Office for National Statistics figures show 4% fewer people arrived in the UK last year - 567,000 compared with 590,000 in 2008 - but the number who left fell further, by 13% to 371,000.

Home Office data shows a 37% rise in people granted settlement in the UK between June 2009 and June 2010.

The number of visas issued to students also went up by 35% to 362,015.

Left-leaning think tank the Institute for Public Policy Research said the fall in long-term emigration to 371,000 last year, from 427,000 in 2008, was largely due to fewer British people moving overseas.

Start Quote

Foreign students are worth an estimated £8bn to the UK and the fees they pay for their courses underpin the finances of the higher education sector”
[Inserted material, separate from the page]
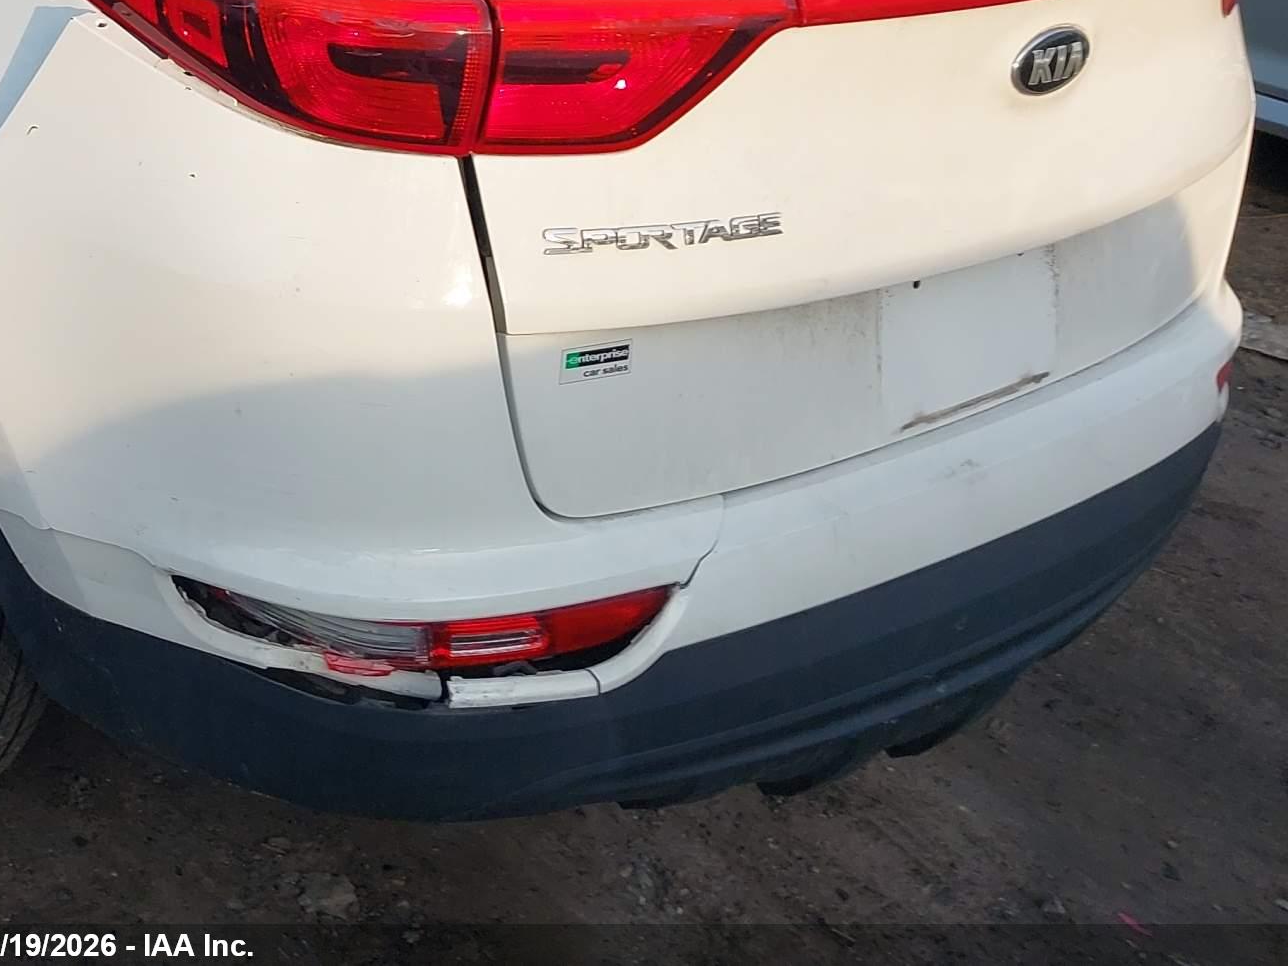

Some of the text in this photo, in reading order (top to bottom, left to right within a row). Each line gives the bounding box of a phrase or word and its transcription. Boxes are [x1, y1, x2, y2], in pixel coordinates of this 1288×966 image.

[1027, 41, 1083, 85] KIA
[542, 212, 784, 256] SPORTAGE
[567, 348, 629, 365] enterprise
[583, 364, 629, 377] car sales
End Quote Mark Easton BBC's home editor

Among those classed as immigrants to the UK in 2009, many were actually Britons returning from overseas, it added.

Student visas

The BBC's Andy Tighe said the increase in student visas revealed by the Home Office's annual bulletin was significant, and there was some concern within the government about how easy it appeared to be for people to move to the UK with their families on study-related permits.

Our home affairs correspondent said the figures also showed a significant fall in the number of work-related visas issued, in part due to the recession and also because of the points-based system for those wishing to come to the UK from outside Europe.

Immigration minister Damian Green said the figures were proof that the coalition government had inherited an immigration system that was "largely out of control".

"What these figures tell me is that we also need to look at all the other routes [aside from employment] by which people come into this country, maybe for education, for family reunion reasons and also, in particular, routes that lead to permanent settlement."

Bar charts show number of student visas granted and immigration by nationality for 2009

On the issue of those given permission to come here to study, Mr Green said: "It's important to look carefully at those courses to see that they are genuinely valuable and are not just being used as an excuse to evade immigration controls."

Shadow home secretary Alan Johnson said the increase in people entering the country through an academic route showed the previous Labour government was correct to tighten the rules.

"The government's recently announced 'cap' will affect less than a third of 1% of those coming to our shores," he said.

"The points-based system works and the government is foolish to pretend they can improve its effectiveness with an arbitrary cap."

Alp Mehmet, from campaign group Migrationwatch UK, said too many institutions were able to issue letters of acceptance which allowed people from overseas to gain enough points to qualify for a student visa.

But the Chartered Institute of Personnel and Development said the sharp fall in the number of work-related visas showed the points-based system was "robust and working".

A further cap on net immigration - planned by the government - would leave many employers with a significant skills gap, it added.

Asylum figures

Also released on Thursday were the latest available figures for 2010 detailing population movements in the second quarter of the year.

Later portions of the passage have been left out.